#### [Images for object localization]
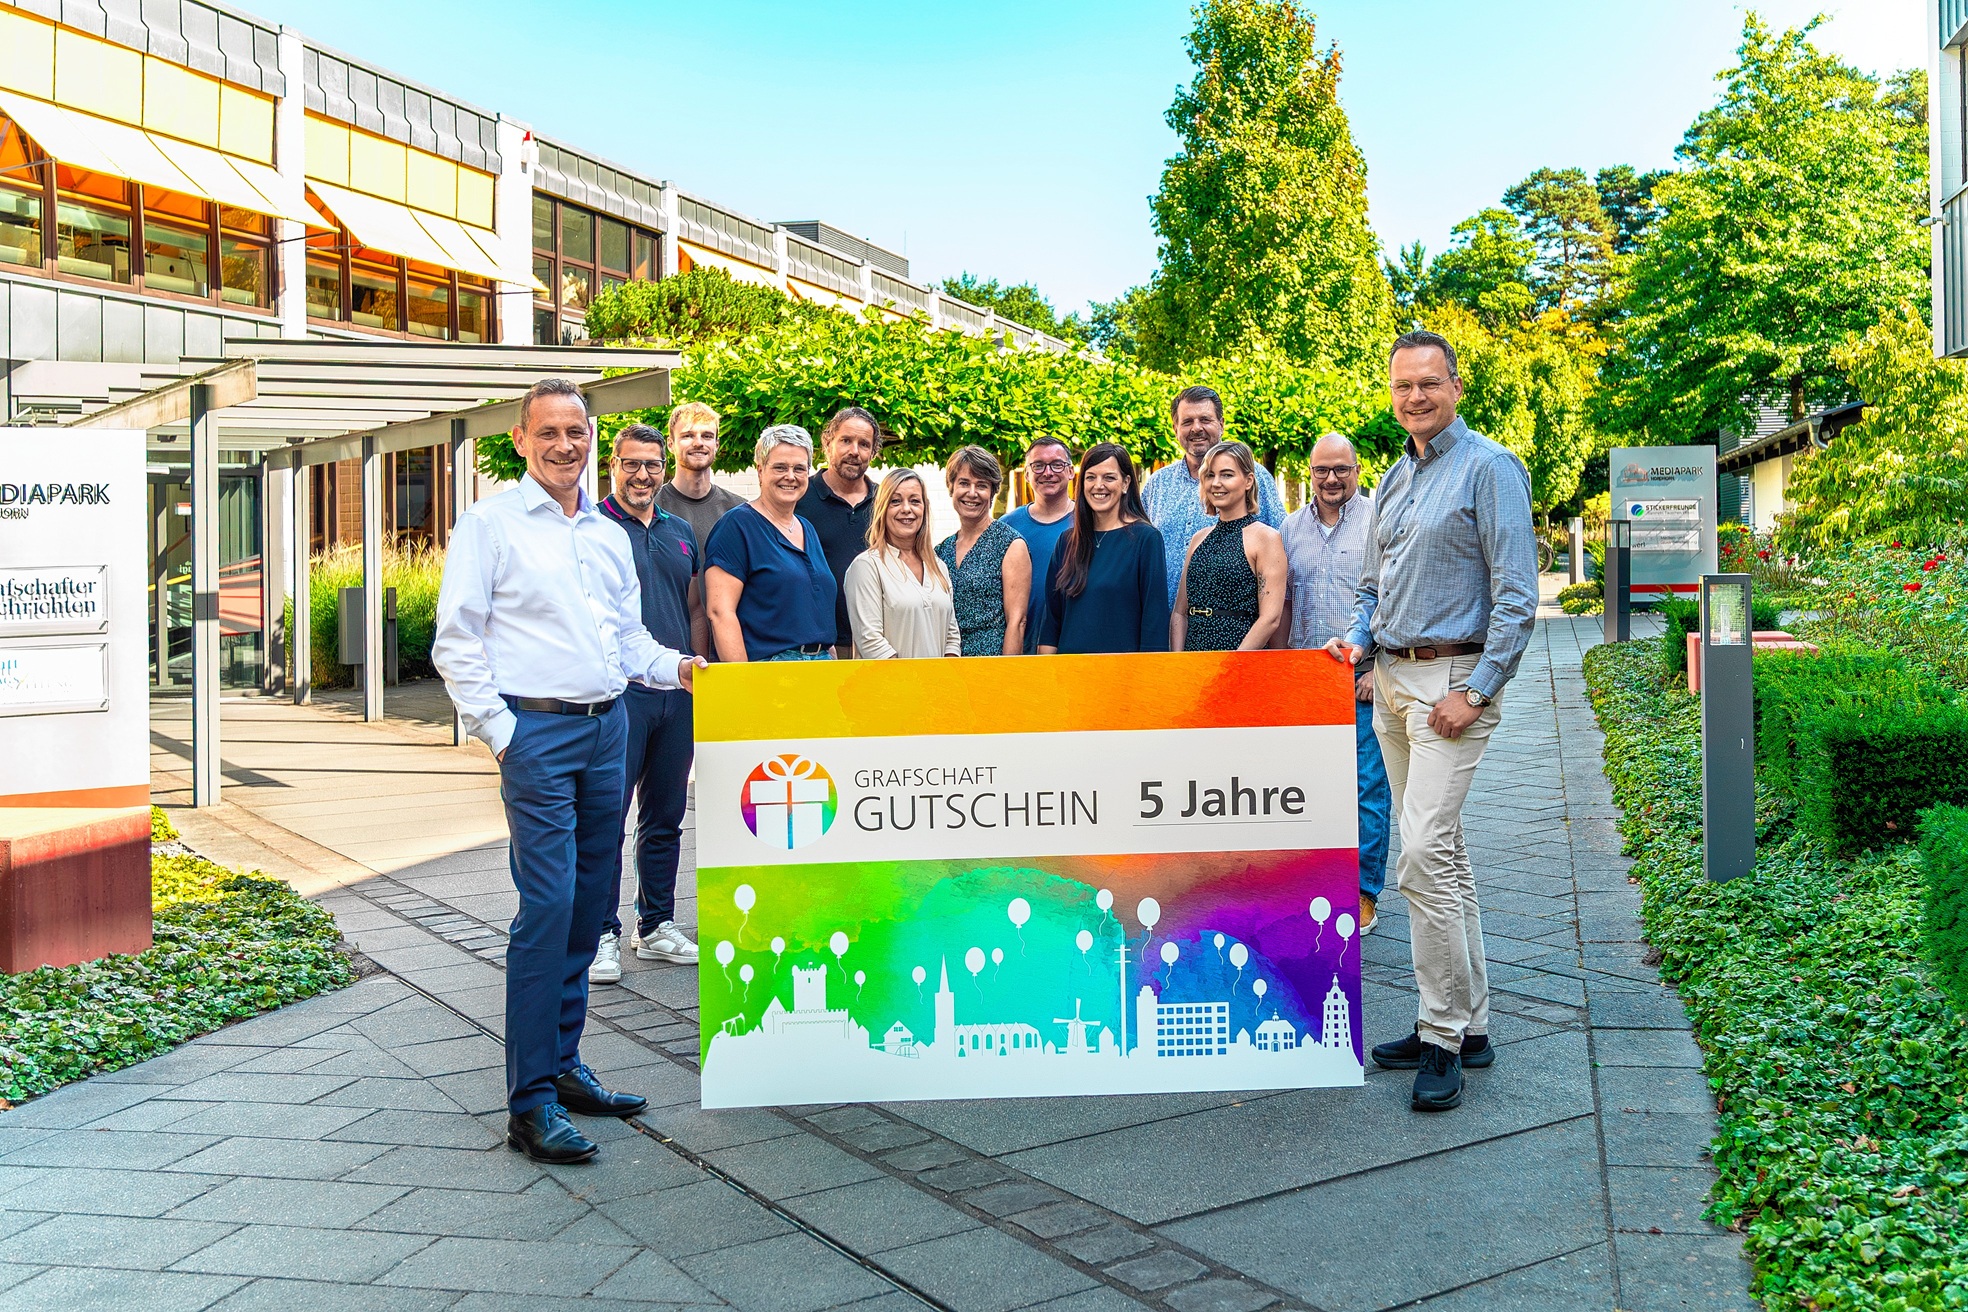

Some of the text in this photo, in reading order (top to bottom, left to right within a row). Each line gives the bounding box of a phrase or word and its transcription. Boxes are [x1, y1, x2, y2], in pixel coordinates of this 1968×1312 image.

[1650, 466, 1703, 476] MEDIAPARK
[854, 766, 997, 788] GRAFSCHAFT
[853, 790, 1098, 832] GUTSCHEIN
[1140, 776, 1306, 819] 5 Jahre

#### [The task]
The task requires that every line above be transcribed exactly, without the images.

#### [Response to the task]
Some of the text in this photo, in reading order (top to bottom, left to right within a row). Each line gives the bounding box of a phrase or word and its transcription. Boxes are [x1, y1, x2, y2], in pixel coordinates of this 1968×1312 image.

[1650, 466, 1703, 476] MEDIAPARK
[854, 766, 997, 788] GRAFSCHAFT
[853, 790, 1098, 832] GUTSCHEIN
[1140, 776, 1306, 819] 5 Jahre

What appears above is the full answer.